Pietro, who never comes to Ca’ Cappelletti with an empty pocket, pulls out a bundle of candies and passes them to Lord Cappelletto, who doles them to his wife and nephew, and to Juliet, like a guilt-faced priest giving out the sacrament. Lady Cappelletta shivers, blue-lipped in the cold, and lets her husband drape an arm around her, guiding her inside. I follow, carrying Juliet back to our
room without any farewell to my husband, who is already answering a new round of Tybalt’s never-ending questions.

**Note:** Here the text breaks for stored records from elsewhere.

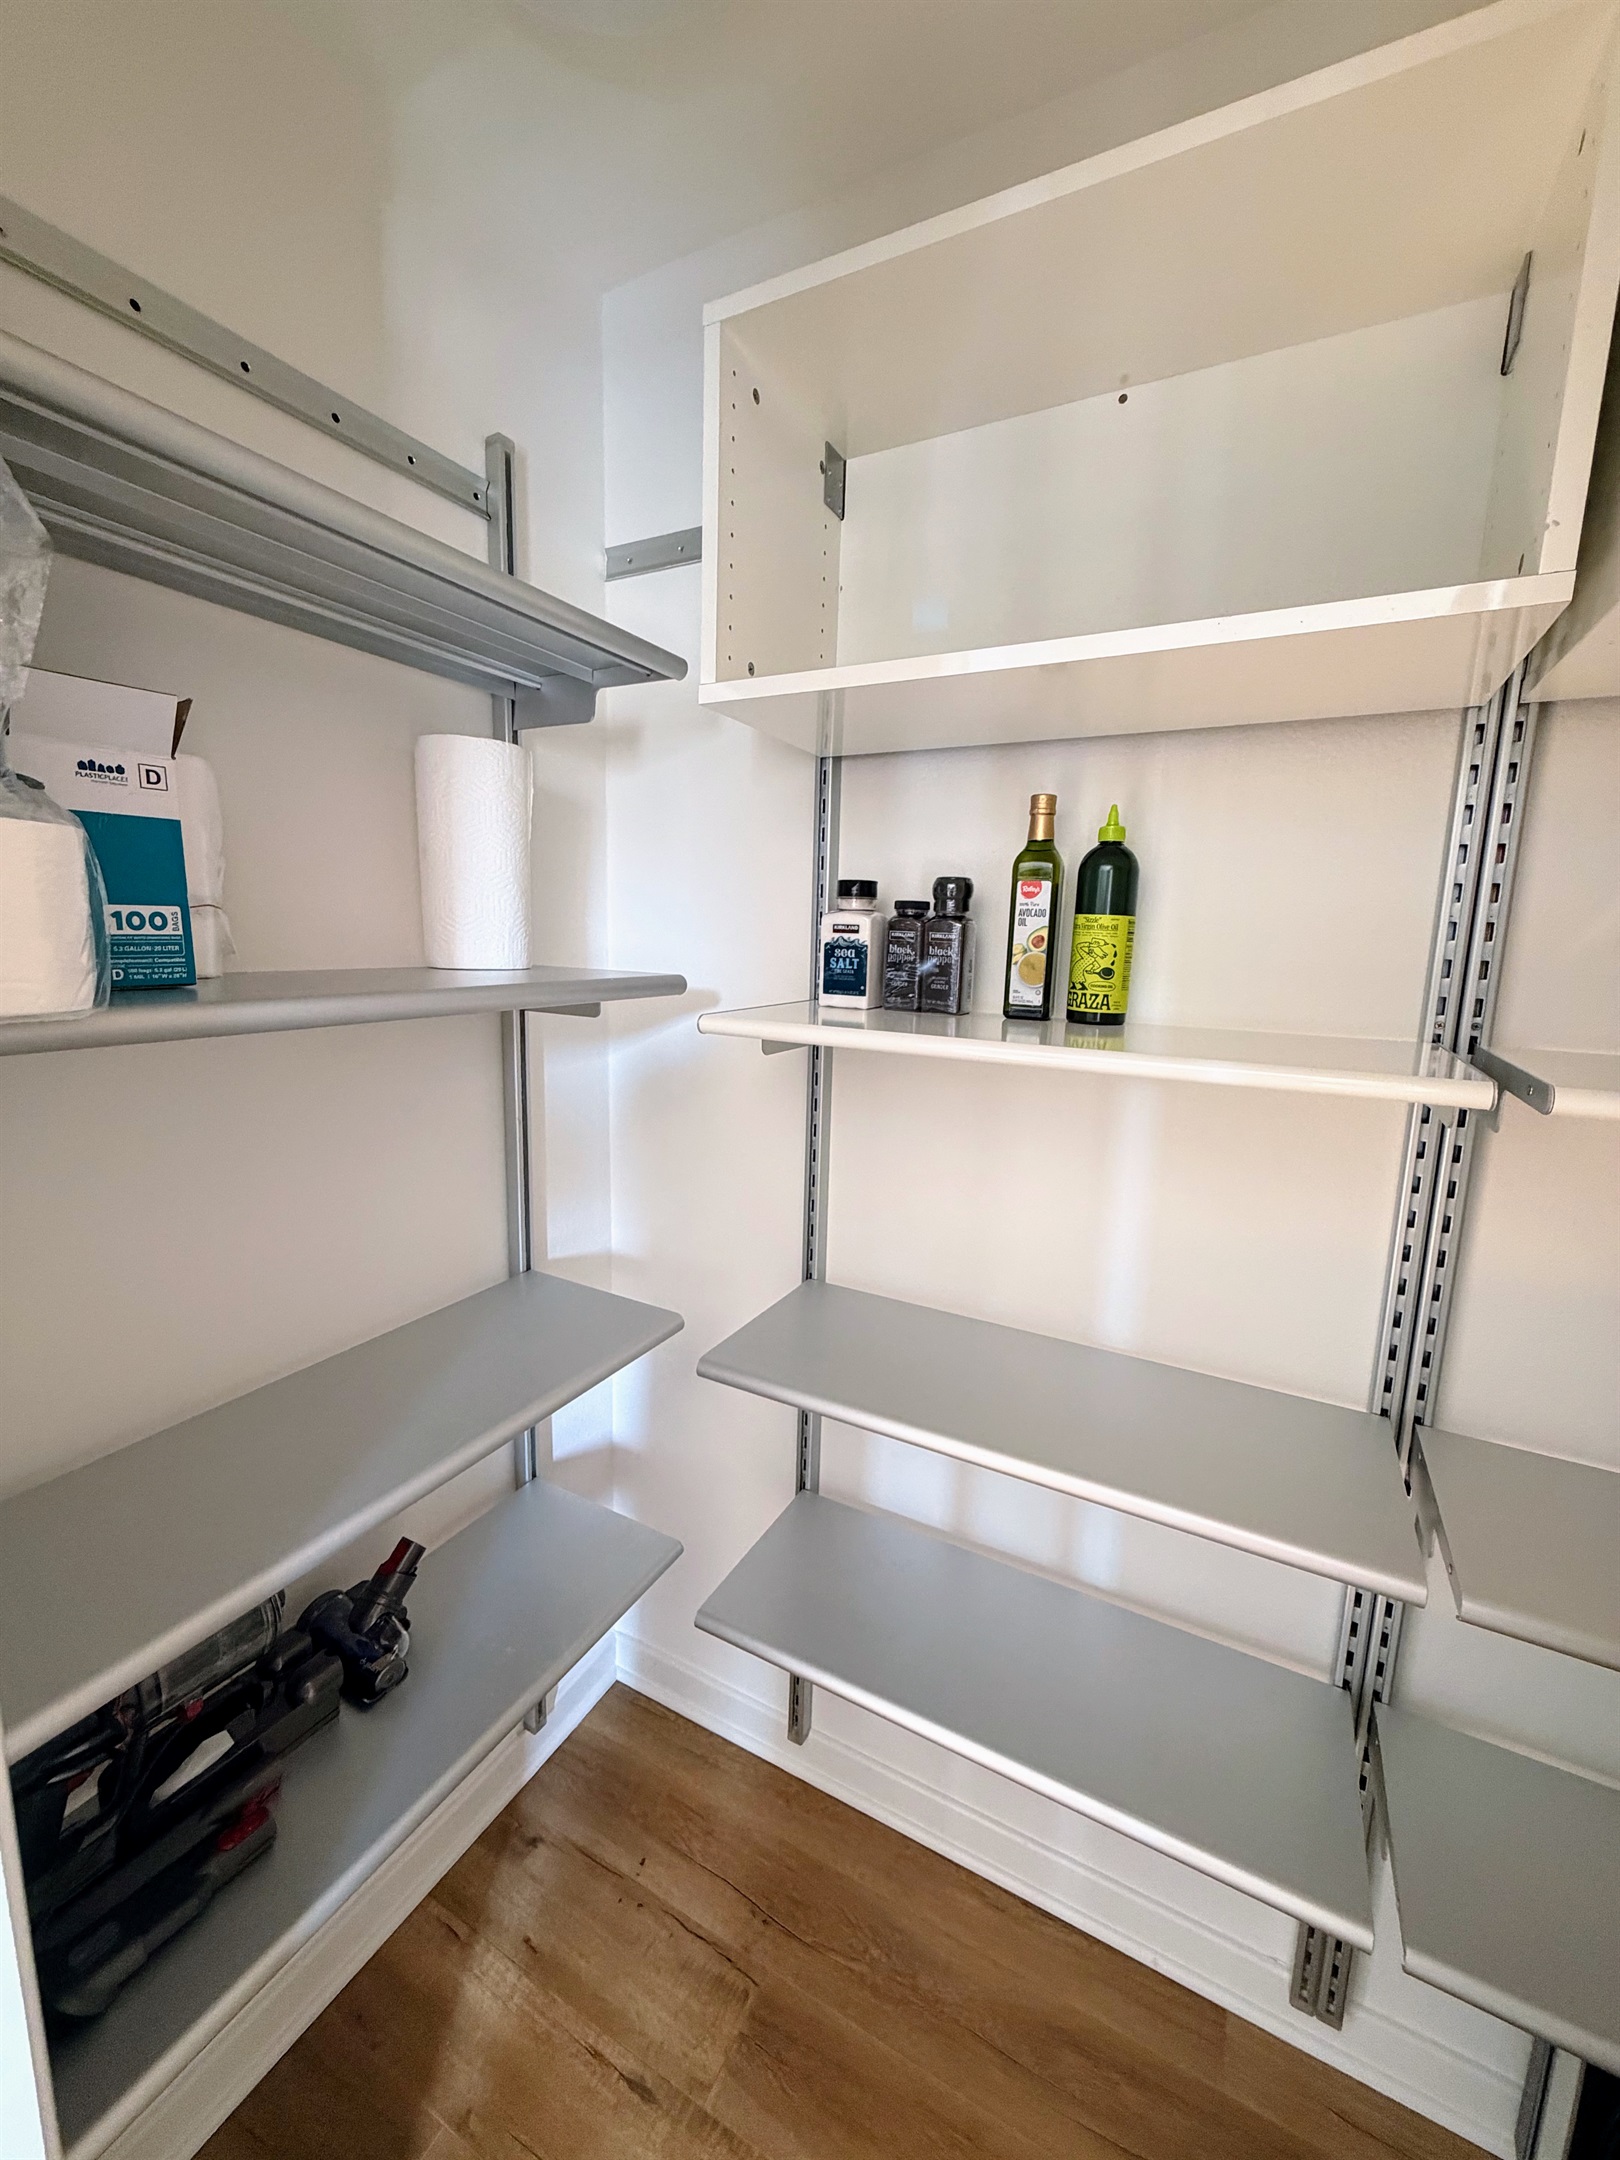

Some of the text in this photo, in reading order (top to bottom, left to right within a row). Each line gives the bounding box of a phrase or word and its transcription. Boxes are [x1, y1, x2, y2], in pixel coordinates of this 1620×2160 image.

[145, 768, 161, 785] D
[1018, 908, 1047, 918] AVOCADO
[110, 910, 168, 931] 100
[171, 911, 180, 932] BAGS
[1018, 918, 1028, 927] OIL
[1110, 923, 1119, 931] Oil
[834, 948, 856, 958] sea
[889, 943, 913, 955] black
[929, 945, 953, 957] black
[829, 957, 860, 969] SALT
[111, 968, 124, 981] D
[1067, 991, 1111, 1011] GRAZA
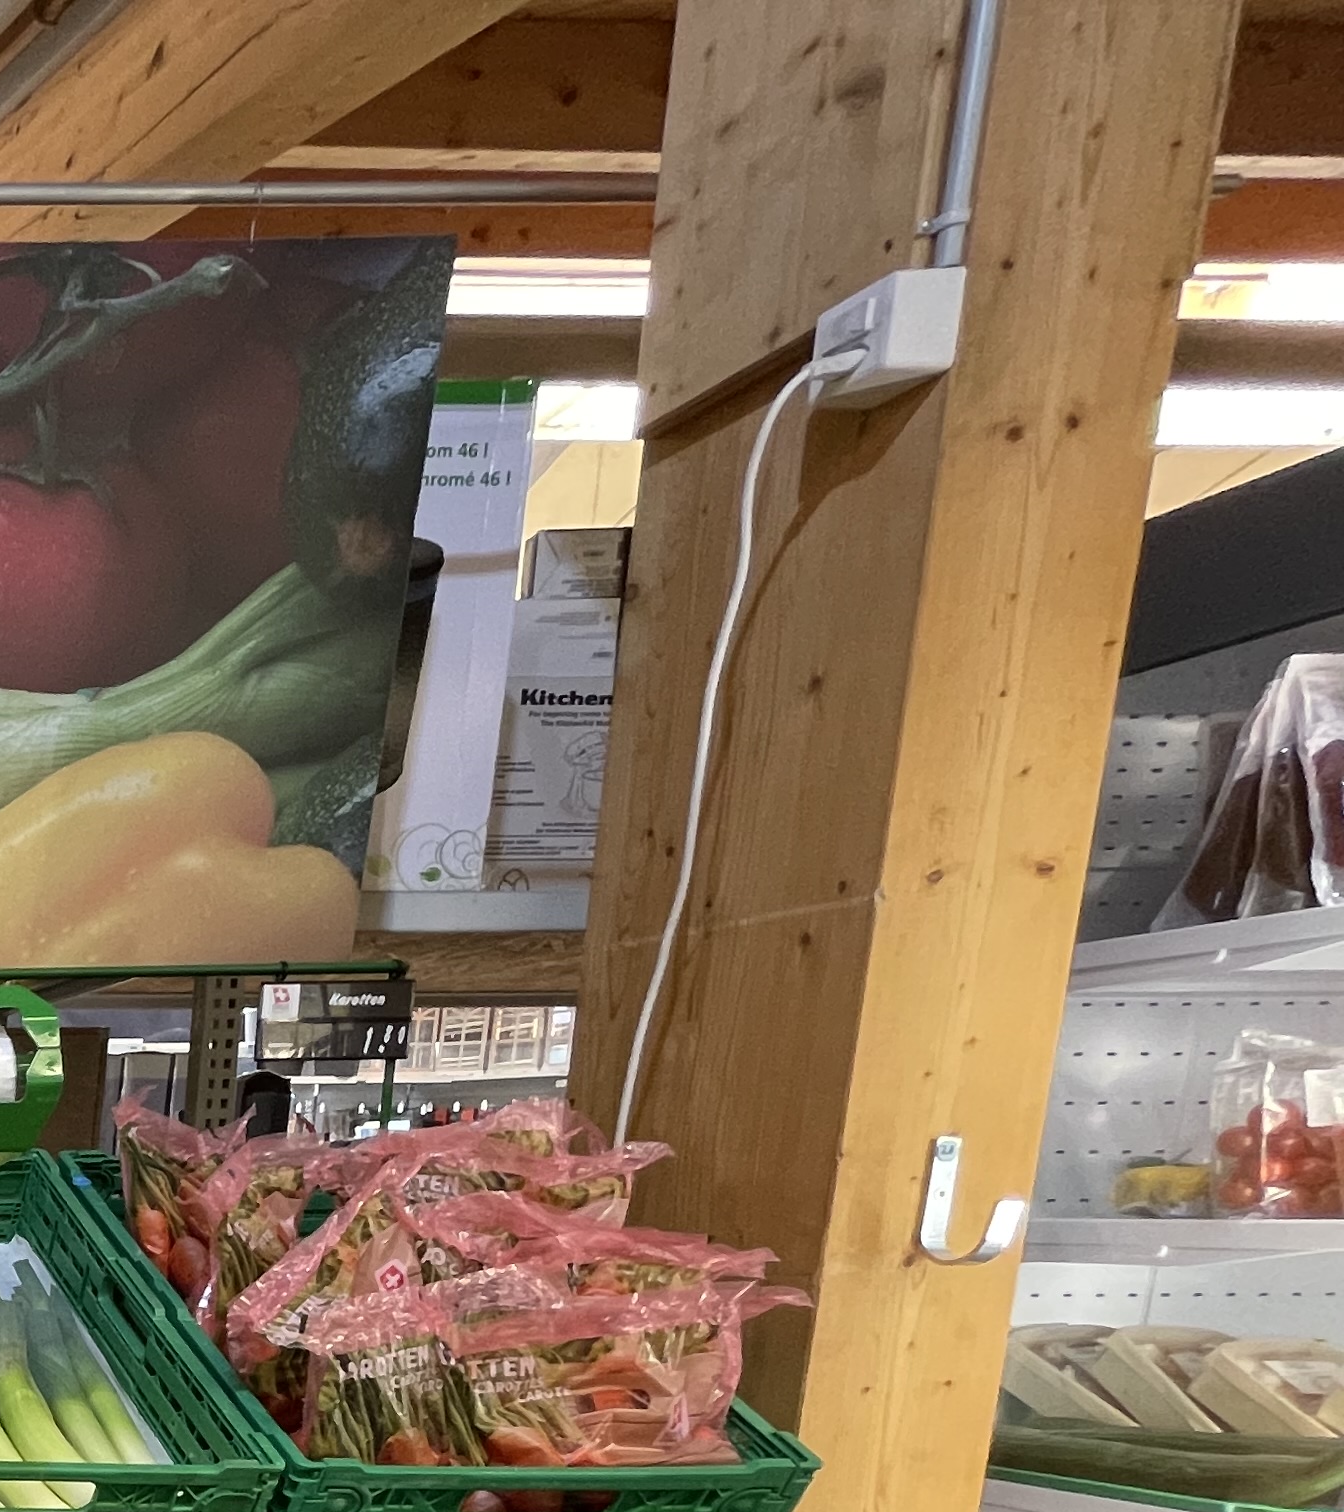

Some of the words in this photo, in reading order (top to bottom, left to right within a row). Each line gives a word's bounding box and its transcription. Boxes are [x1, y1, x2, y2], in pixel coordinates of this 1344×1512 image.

[458, 443, 481, 458] 46
[480, 472, 500, 486] 46
[328, 992, 386, 1007] Karotten
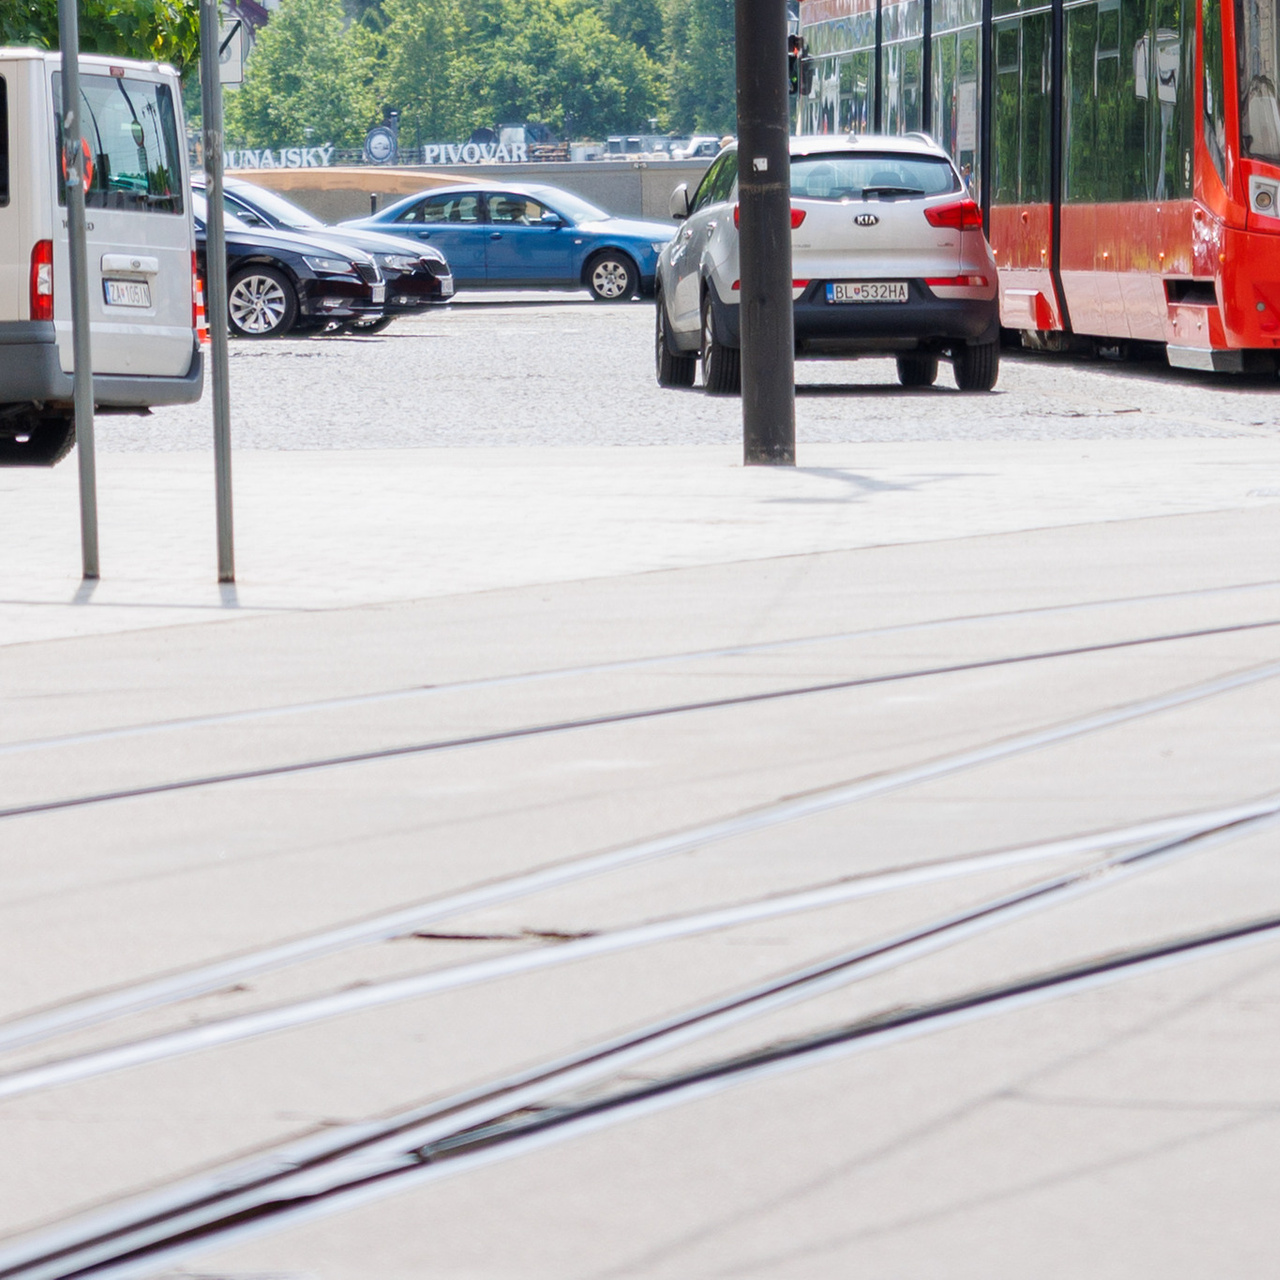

A child will parrot whatever it might hear, and who knows what the consequences will be, for the child or for the one whose words she innocently repeats. When I was a girl—older surely than Juliet though I could not say how much older—I repeated what I’d heard my father say a hundred times:
pox-faced son of the Devil
. His hateful name for our hated landlord. Yes, a child too easily recites what it does not understand, and that is how I spoke those words when Luca Covoni appeared one summer day to take his share of my father’s harvest.